Pan-cancer analyses of imaging-clinical phenotype associations
Machine learning methods can extract previously-unknown associations from high-dimensional datasets. In this project, we will develop quantitative algorithms to process the radiology and histopathology images collected by the PLCO study. We will apply machine learning methods to identify the associations among radiology image patterns, microscopic pathology images, and clinical phenotypes of patients participated in the PLCO study. Our approach is expected to extract clinically-relevant image patterns from radiology and pathology data.
Aim 1: To connect radiology image patterns with clinical phenotypes. We will develop deep convolutional neural networks to identify the regions of interest from the radiology images, and train phenotype-classification models to identify the differences in radiology image patterns among patients with different cancer stage, survival outcomes, and demographic profiles. This approach will reveal novel radiology image features correlated with important clinical characteristics.
Aim 2: To associate the pathology image features with clinical phenotypes. We will extract quantitative image features from whole-slide pathology images and use supervised machine learning methods to associate them with patients' clinical phenotypes, such as cancer stage, demographics, and overall survival. We will also employ convolutional neural network methods to identify novel features from the histopathology images. We will visualize the image features associated with these clinical variables, and repeat these analyses for all four cancer types in PLCO to establish useful prediction models for the four cancer types in PLCO.

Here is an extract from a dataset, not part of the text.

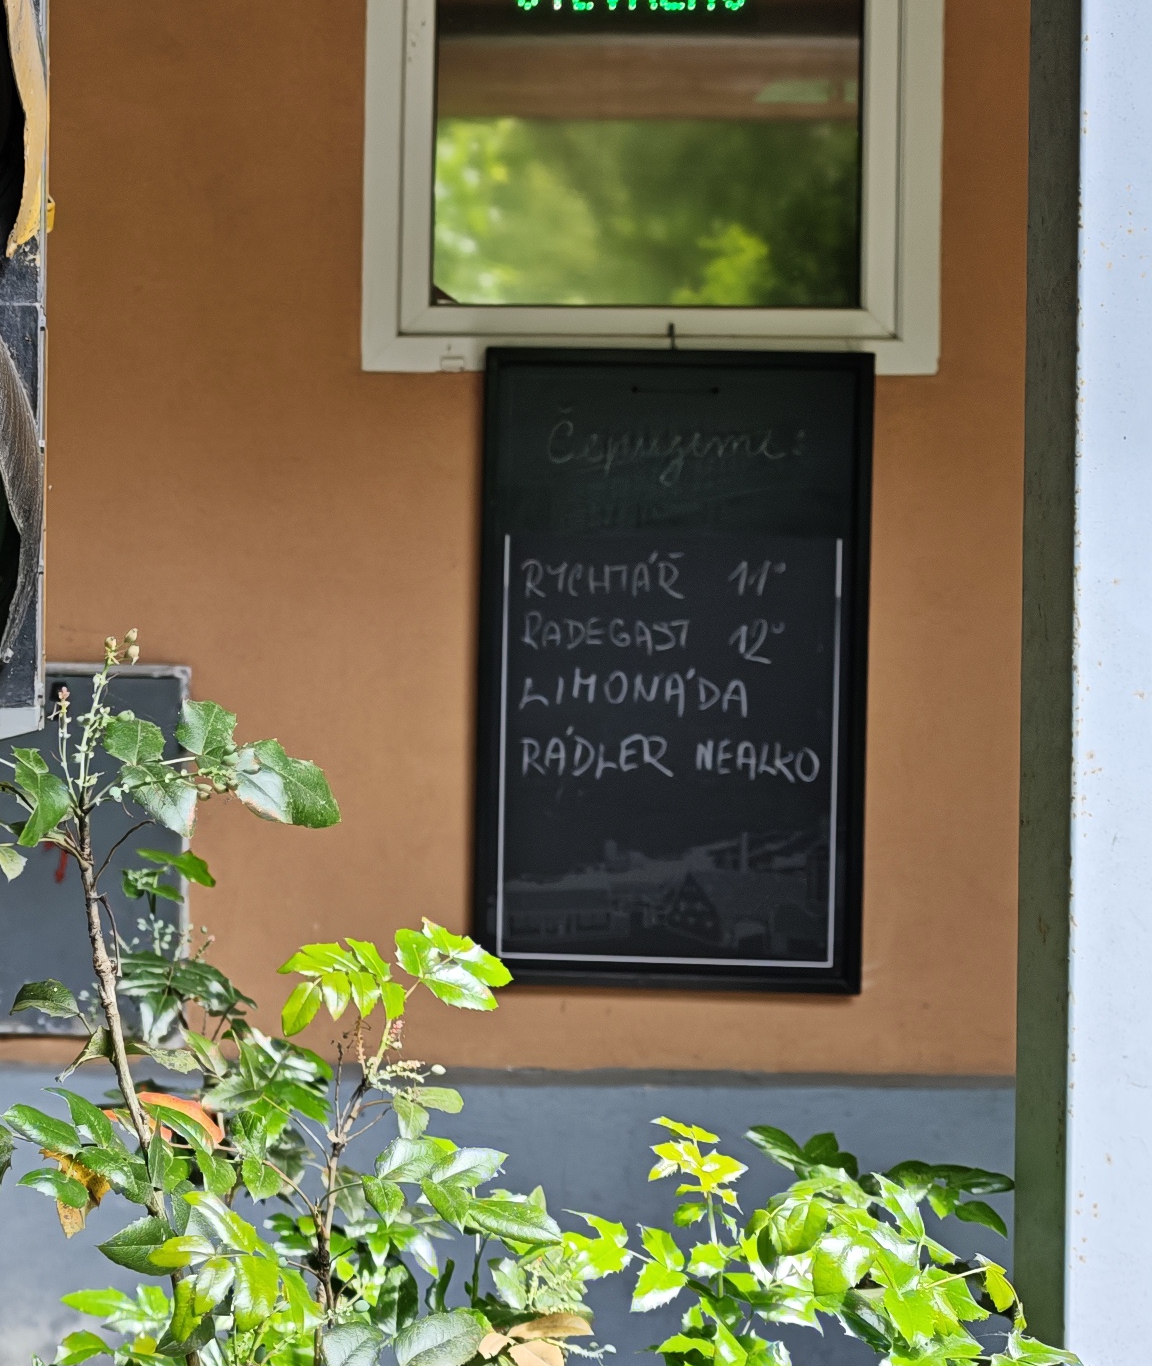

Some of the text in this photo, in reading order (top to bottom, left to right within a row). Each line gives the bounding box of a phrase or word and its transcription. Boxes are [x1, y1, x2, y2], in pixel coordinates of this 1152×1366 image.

Aim 3: To correlate pathology and radiology image features. We will extract computational image features from pathology slides and radiology images (X-ray plain films, computed tomography, and sonography) and employ supervised machine learning techniques to identify the correlations among these image features. These analyses are expected to reveal the associations between the microscopic morphology of cancers and their radiologic findings.
Kun-Hsing Yu, MD, PhD, Harvard Medical School.